Curing Deficiencies in Wills With WESA – Part 2
In part 1 of this blog series, we began discussing the case of Skopyk Estate, 2017 BCSC 2335 where the British Columbia Supreme Court was asked to consider an application under s. 58 of the Wills Estates and Succession Act (“WESA”) to determine if an unsigned handwritten document of the Deceased had sufficient testamentary intent to revoke or alter a 1995 will.

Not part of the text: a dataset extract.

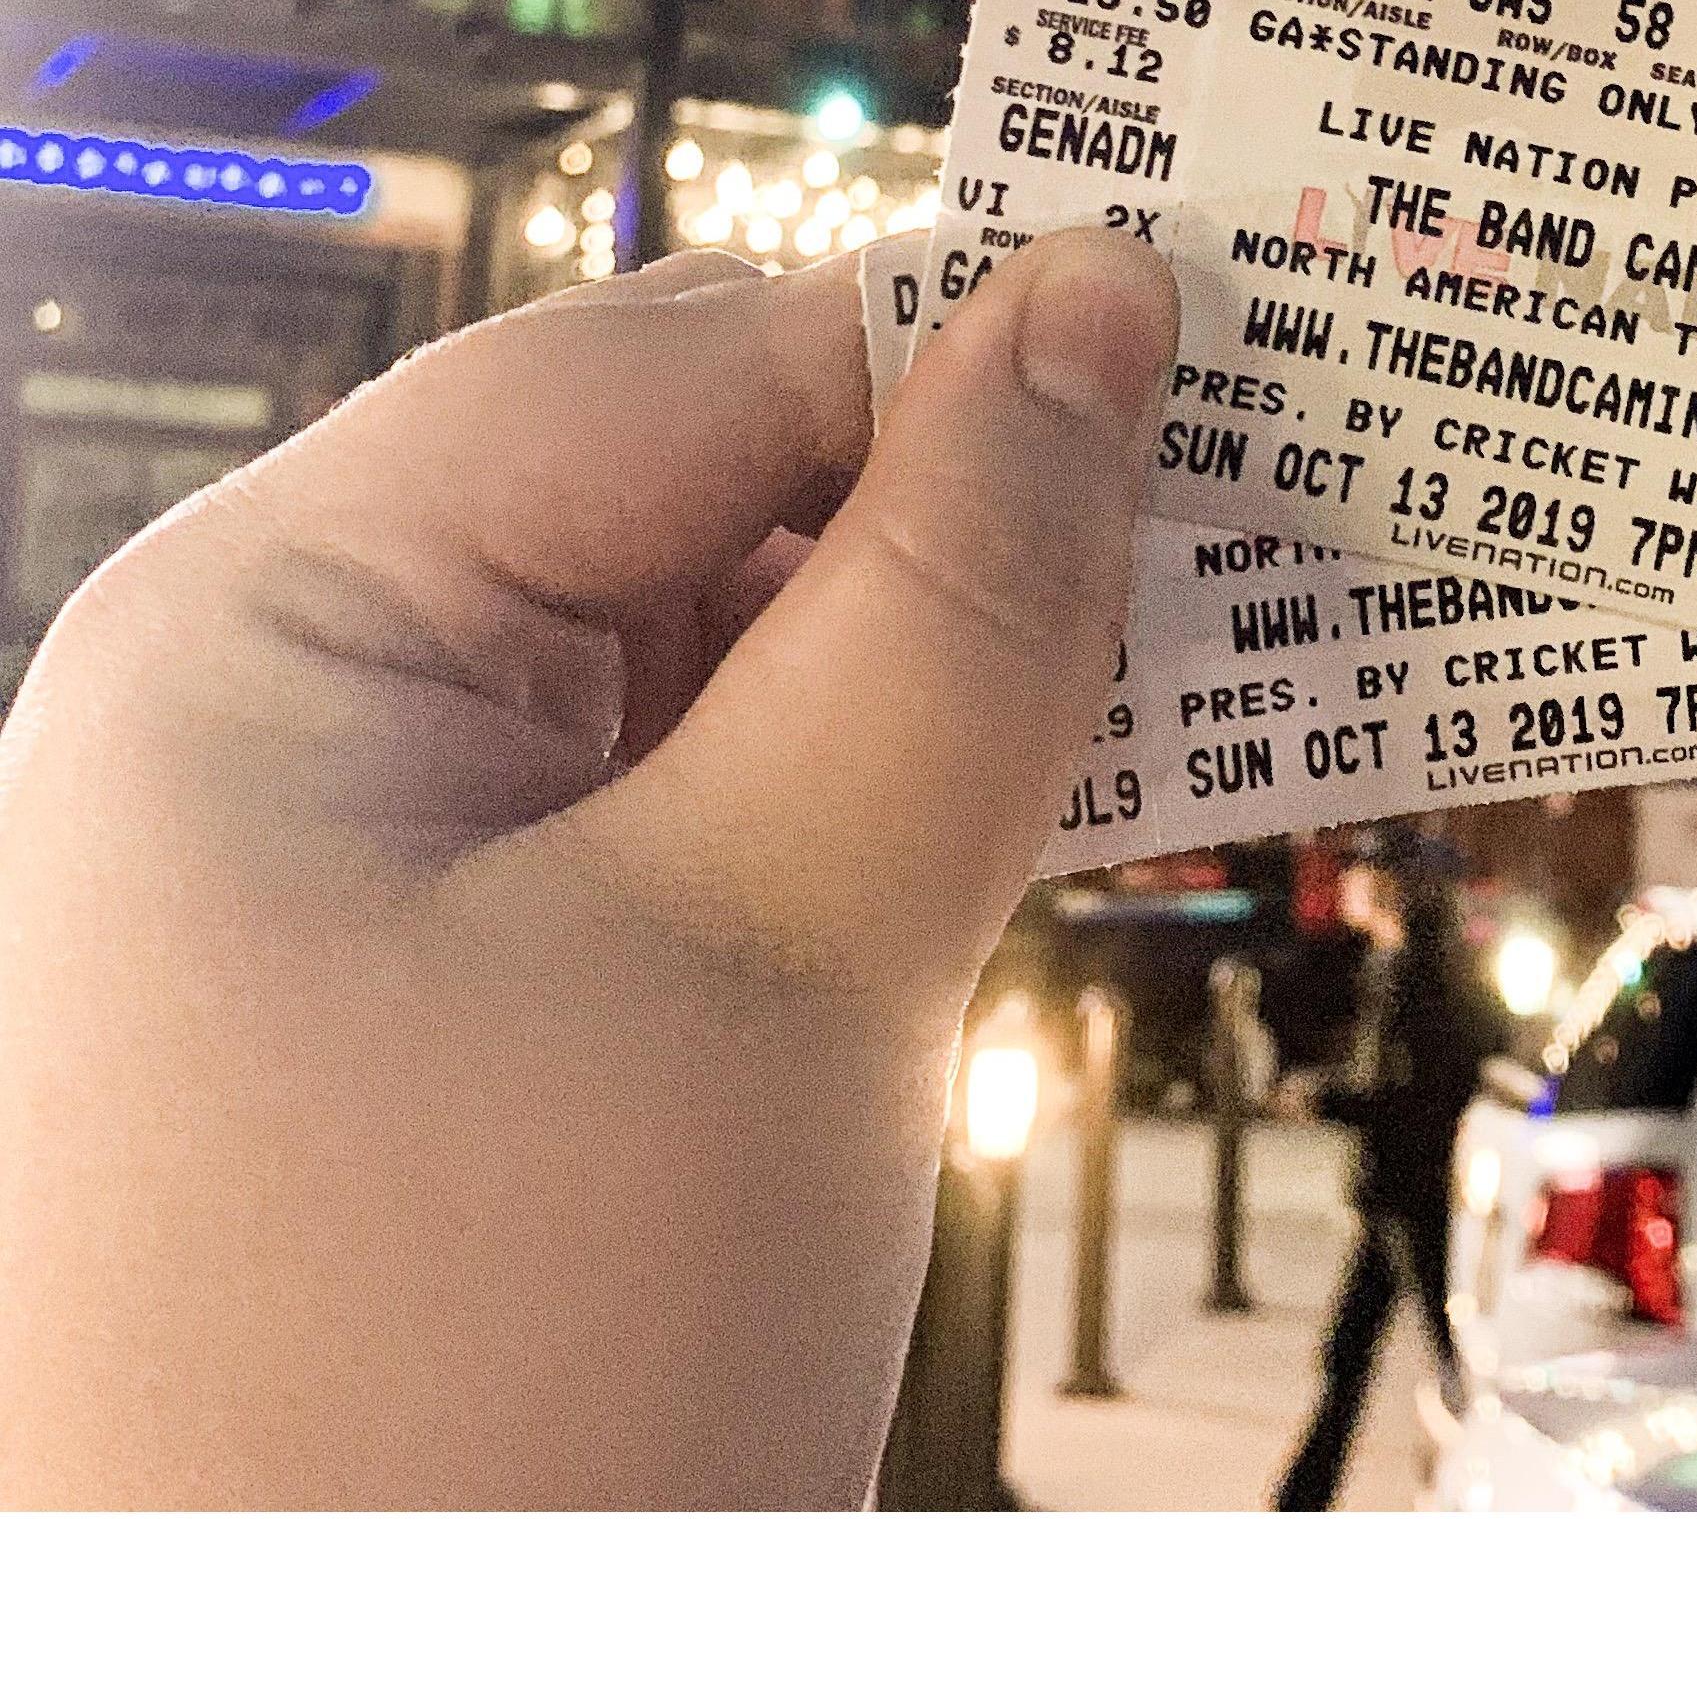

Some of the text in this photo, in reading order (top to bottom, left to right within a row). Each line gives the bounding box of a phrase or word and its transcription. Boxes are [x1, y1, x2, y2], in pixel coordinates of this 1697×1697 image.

After setting out the test, the Honourable Madame Justice Forth concluded that there were several relevant details that supported a finding that the document (although unsigned and not-witnessed) represented sufficient testamentary intent:
 There are several relevant details pertaining to the Document itself that support a finding that it represents such an expression of intention:
- The Document was pinned to a bulletin board hanging on the door in the Deceased’s apartment where it could be easily found;
- The distribution set out in the Document is rational on its face in that the Deceased’s sister, Mary Anne, who had been included in the 1995 Will, had since died;
- The Document clearly directs a division of the residue of the estate to certain named persons and in certain specific shares, with language that mirrors the language of the 1995 Will;
- Although the Document is not signed or witnessed, the word “witness” is written near the bottom;
- Although the Document is not dated, there is reference at the top to the Deceased’s will dated November 16, 1995. It also purports to correct a typographical error in a specific paragraph of the 1995 Will; and
- The handwriting is reasonably similar to handwriting in a letter entered into evidence, which is dated December 10, 1995, and signed by the Deceased. This letter was found in a drawer in the Deceased’s apartment next to the 1995 Will.
The Court also considered extrinsic evidence such as that the Deceased had told a beneficiary prior to entering heart surgery that he was working on his will and that his 1995 will did not reflect his desires.